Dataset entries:

________________________

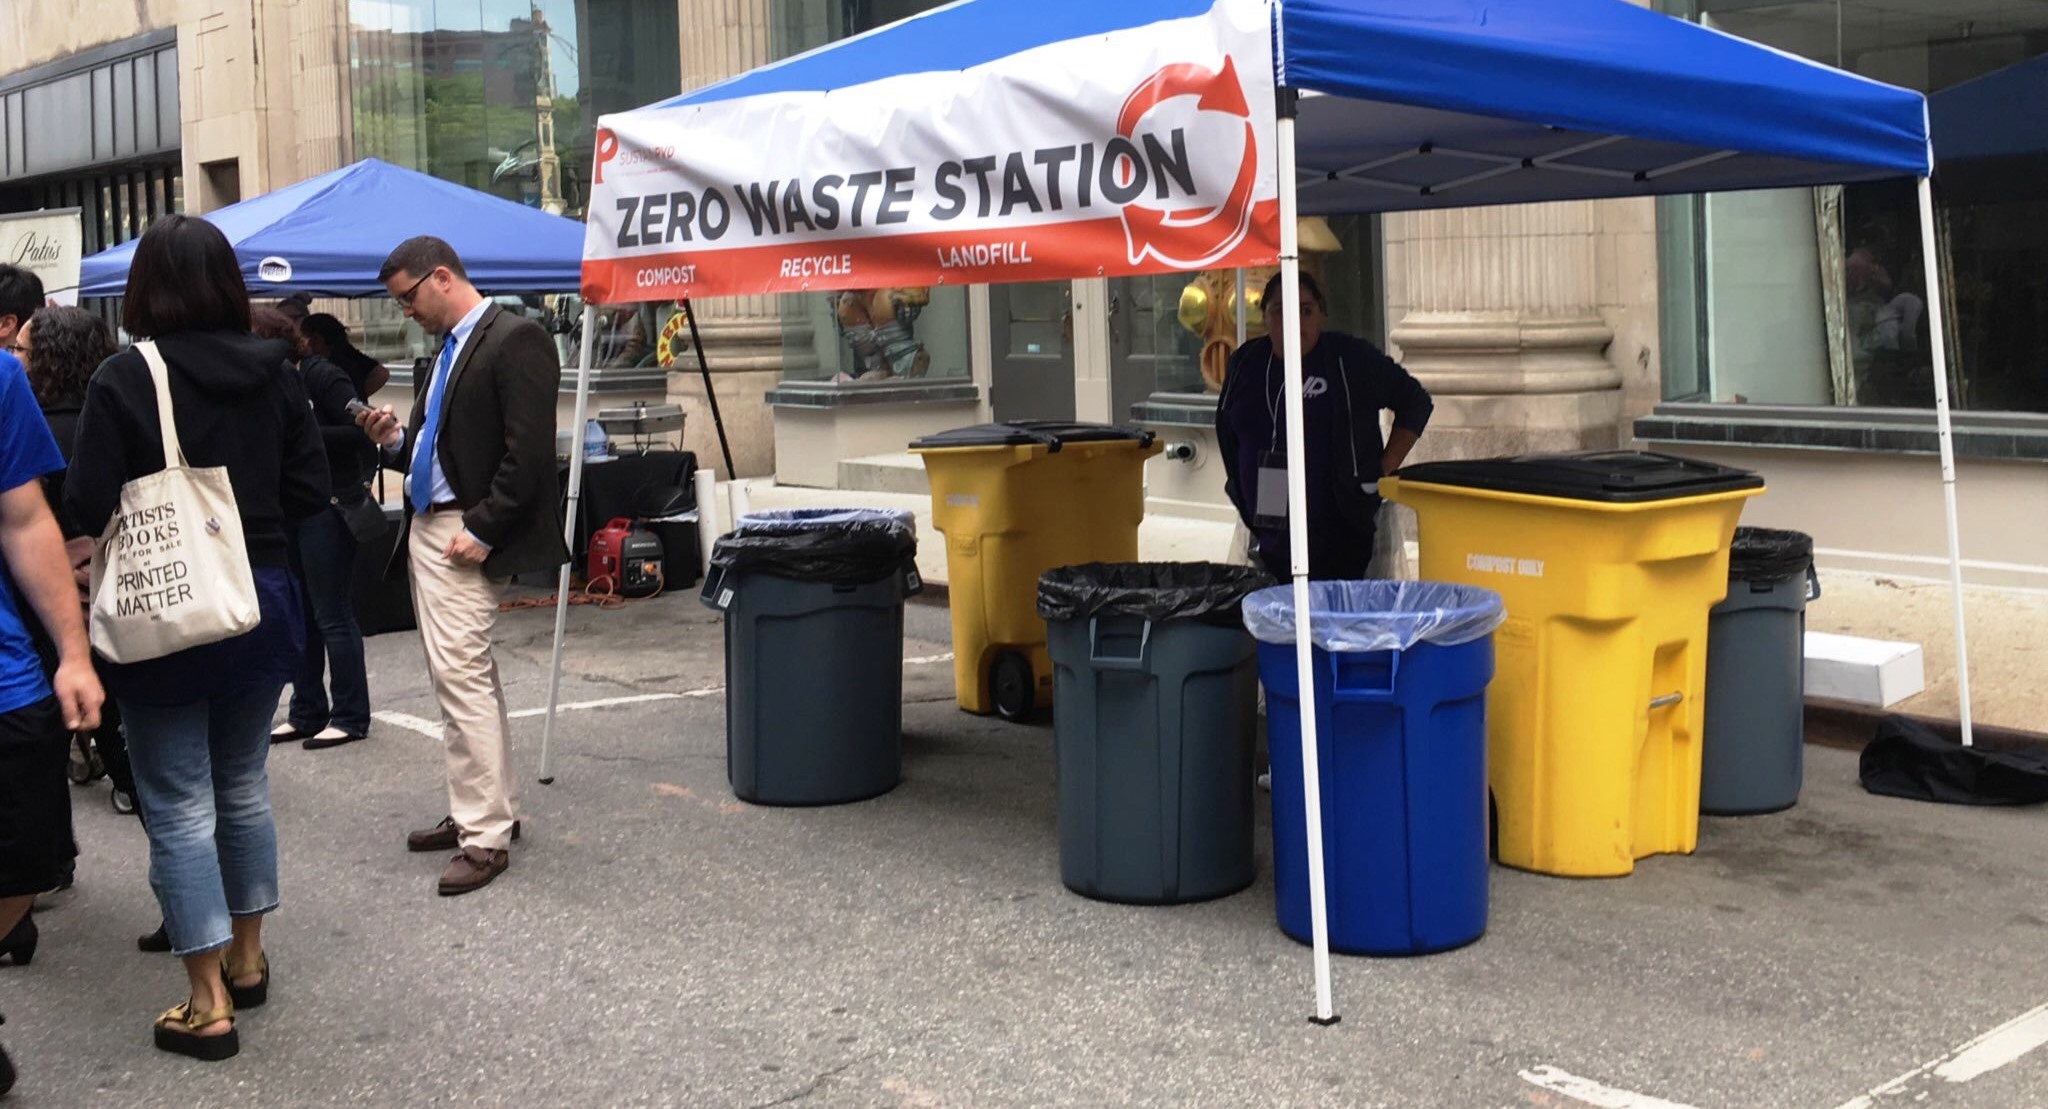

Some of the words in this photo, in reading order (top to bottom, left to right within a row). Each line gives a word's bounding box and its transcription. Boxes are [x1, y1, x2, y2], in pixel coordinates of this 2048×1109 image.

[616, 187, 731, 249] ZERO
[733, 167, 917, 237] WASTE
[929, 127, 1198, 221] STATION
[779, 253, 852, 279] RECYCLE
[937, 240, 1033, 269] LANDFILL
[636, 264, 696, 288] COMPOST
[132, 548, 152, 558] FOR
[159, 539, 183, 553] SALE
[116, 560, 188, 594] PRINTED
[1465, 553, 1517, 574] COMPOST
[116, 583, 194, 618] MATTER

________________________

Copy out every entry exactly as written, but not the pictures.

Some of the words in this photo, in reading order (top to bottom, left to right within a row). Each line gives a word's bounding box and its transcription. Boxes are [x1, y1, x2, y2], in pixel coordinates of this 2048×1109 image.

[616, 187, 731, 249] ZERO
[733, 167, 917, 237] WASTE
[929, 127, 1198, 221] STATION
[779, 253, 852, 279] RECYCLE
[937, 240, 1033, 269] LANDFILL
[636, 264, 696, 288] COMPOST
[132, 548, 152, 558] FOR
[159, 539, 183, 553] SALE
[116, 560, 188, 594] PRINTED
[1465, 553, 1517, 574] COMPOST
[116, 583, 194, 618] MATTER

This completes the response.